Alexey Tomilov, Chase Garcia, Jose Sandoval, Robert Mahley, Gino Cortopassi
Abstract
ApoE4 inheritance is the single largest genetic attributable risk factor for Alzheimer's disease (Mahley, Weisgraber et al. 2006; Yamazaki, Zhao et al. 2019), yet its pathomechanism is unclear, and understanding of its mechanism could lead to targeted therapy (Mahley and Huang 2012). The ApoE3 allele differs from ApoE4 by a single amino acid exchange of Arg to Cys at ORF position 112. ApoE3 arose on a hominid lineage about 200,000 years ago and this derived state could have increased in frequency as the result of a positive selective benefit (Fullerton, Clark et al. 2000).
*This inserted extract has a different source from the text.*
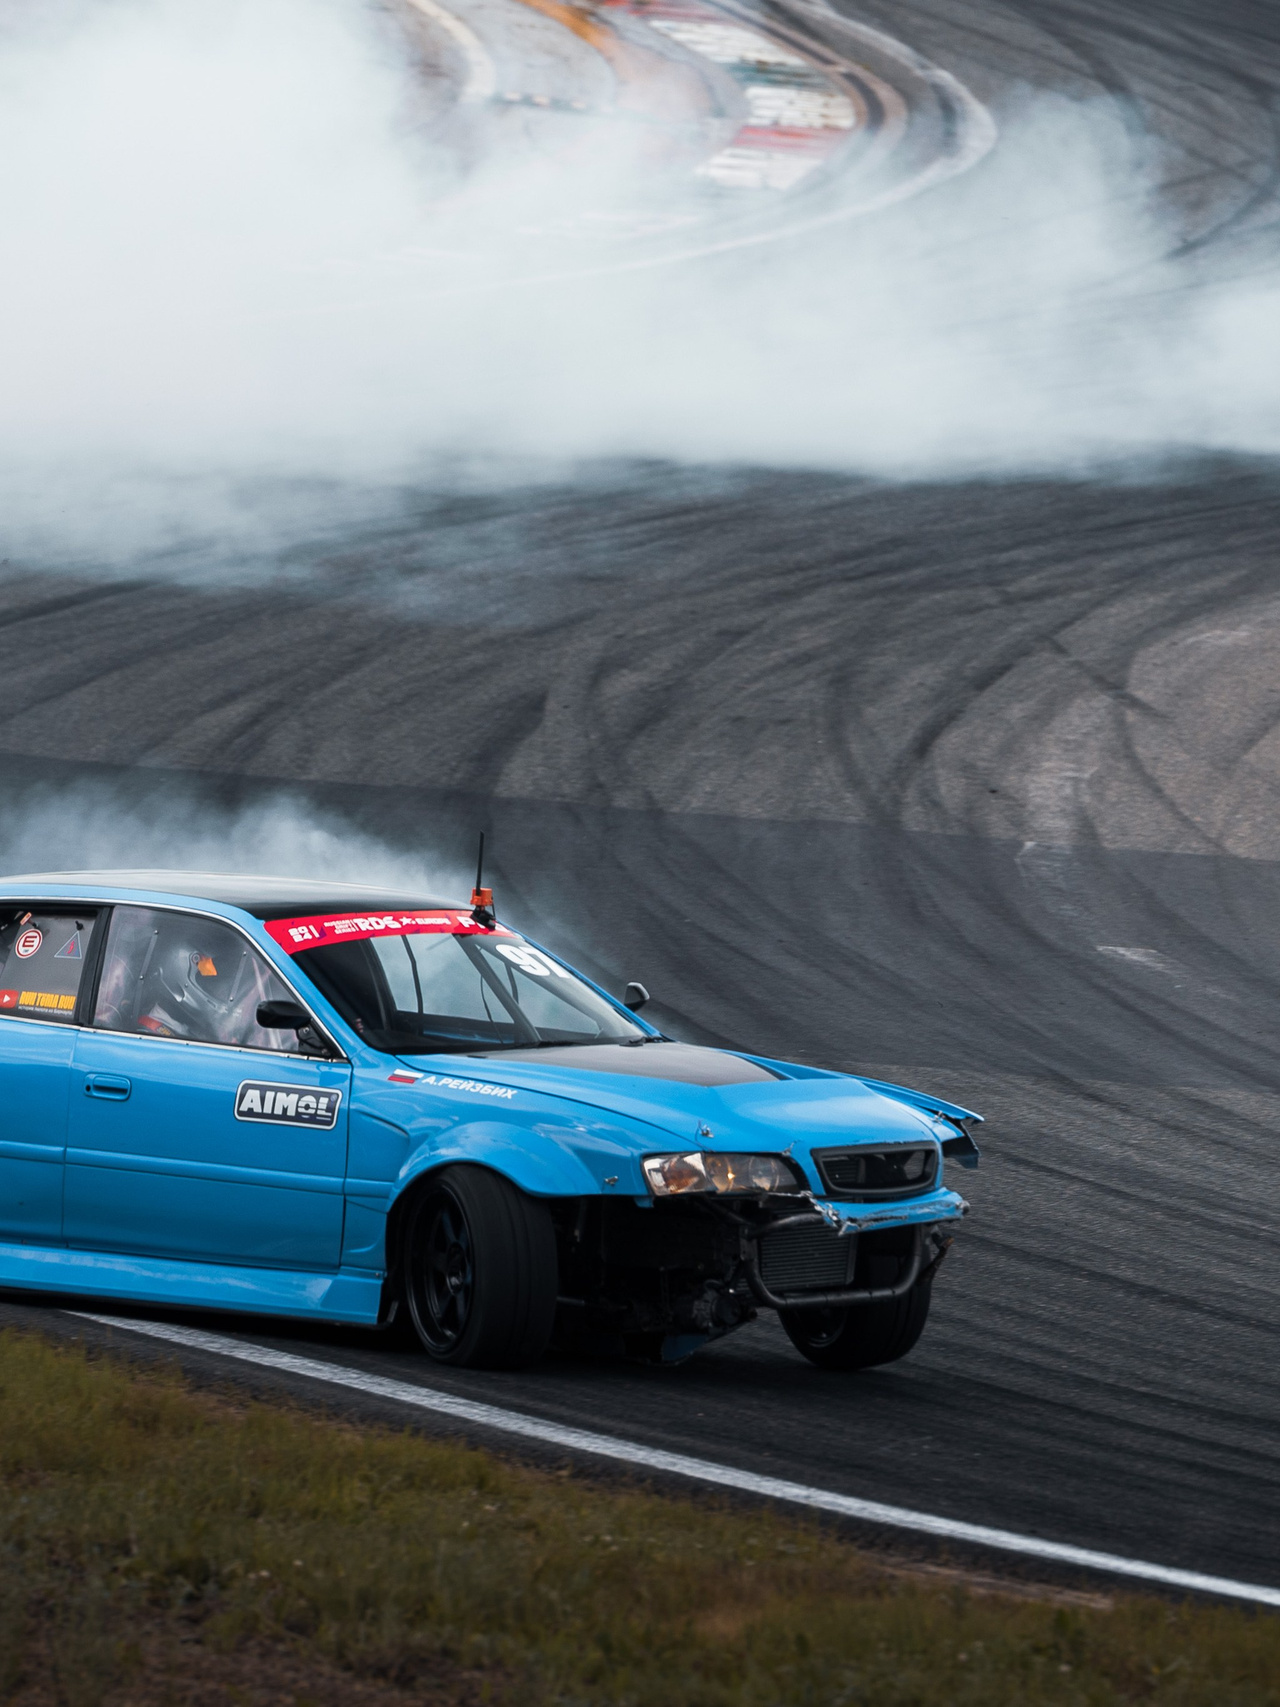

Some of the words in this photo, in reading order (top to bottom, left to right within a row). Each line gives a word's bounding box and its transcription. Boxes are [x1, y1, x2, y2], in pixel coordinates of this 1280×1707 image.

ApoE3 confers increased glucose oxidation in neurons relative to ApoE4 (Chang, ran Ma et al. 2005; Zhao, Liu et al. 2017; Orr, Kim et al. 2019).
Methods: We tested the effect of ApoE alleles in 3 different N2a-based cell models, the ApoE3 and ApoE4 stable transfectants made in the Mahley laboratory (Harris, Brecht et al. 2004), and ApoE2,E3,E4 transiently and stably transfected in neuronal cells in our laboratory. In addition, we investigated the mitochondrial function in hippocampus of ApoE4 mouse model of AD using succinate/rotenone, pyruvate/malate, palmitoylcarnitine/malate, and palmitoylcarnitine/malonate as a substrates.
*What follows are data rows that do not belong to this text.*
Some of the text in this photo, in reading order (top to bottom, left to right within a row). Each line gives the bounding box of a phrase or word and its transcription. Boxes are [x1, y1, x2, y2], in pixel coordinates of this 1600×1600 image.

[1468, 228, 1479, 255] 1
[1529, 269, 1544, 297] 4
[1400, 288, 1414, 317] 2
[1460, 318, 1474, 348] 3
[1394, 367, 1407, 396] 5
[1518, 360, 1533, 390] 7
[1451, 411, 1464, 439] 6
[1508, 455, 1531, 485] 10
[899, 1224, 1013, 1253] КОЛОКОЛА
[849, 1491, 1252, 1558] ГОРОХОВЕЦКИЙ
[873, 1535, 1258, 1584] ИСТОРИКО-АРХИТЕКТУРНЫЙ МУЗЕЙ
Results. We investigated the bioenergetic consequences of ApoE alleles in N2a cells from 3 sources, the results were consistent among all 3 data sets.
Finding 1. In the presence of glucose, ApoE3 increased insulin sensitivity, glycolysis, and mitochondrial glucose oxidation relative to ApoE4, ApoE2 and Controls were observed. These results are represented in this poster (Figure 1,2,3), and the posters of Chase Garcia and Jose Sandoval from Cortopassi lab elsewhere in this conference.
Finding 2. During fasting the brain relies more on lipid-derived energy, so the consequences of ApoE allelic status on mitochondrial lipid oxidation were tested. When fed palmitate, ApoE4 conferred a specific deficit in palmitate oxidation relative to ApoE3, ApoE2 and Controls (Figure 4).
Moreover, (Finding 3) The ApoE4 bearing N2a cells had 2-3 fold less ATP than Controls, ApoE2 and ApoE3 ones under nutrient deficit (Figure 5).
Finding 4. To more rigorously test this hypothesis, we measured oxidation in mitochondria from young and aged ApoE4 hippocampi in-vivo. While young ApoE4 hippocampi had no defects on any substrate (Figure 7), a clear and significant defect in palmitate oxidation occurred in mitochondria from aged ApoE4 mice, that was further aggravated by the Krebs tricarboxylic acid cycle inhibitor malonate (Figure 6).
Hypothesis: We hypothesize ApoE4 limits mitochondrial lipid oxidation. We speculate that this could be through alterations in apolipoprotein's extracellular transport function, or intracellular delivery to mitochondria and/or regulation. This could be especially important during the fasting state when efficient utilization of lipid derived energy is crucial to support brain metabolism. ApoE3 is an evolutionally novel variant which causes a metabolic benefit in glucose metabolism in the brain. ApoE4 is the legacy variant with a neutral metabolic effect in young age. ApoE4 causes energy deficit in the brain later in life associated with a defect in lipid oxidation. Absence of beneficial ApoE3 in individuals with ApoE4 genotype contributes to impaired glucose metabolism, and to disease progression.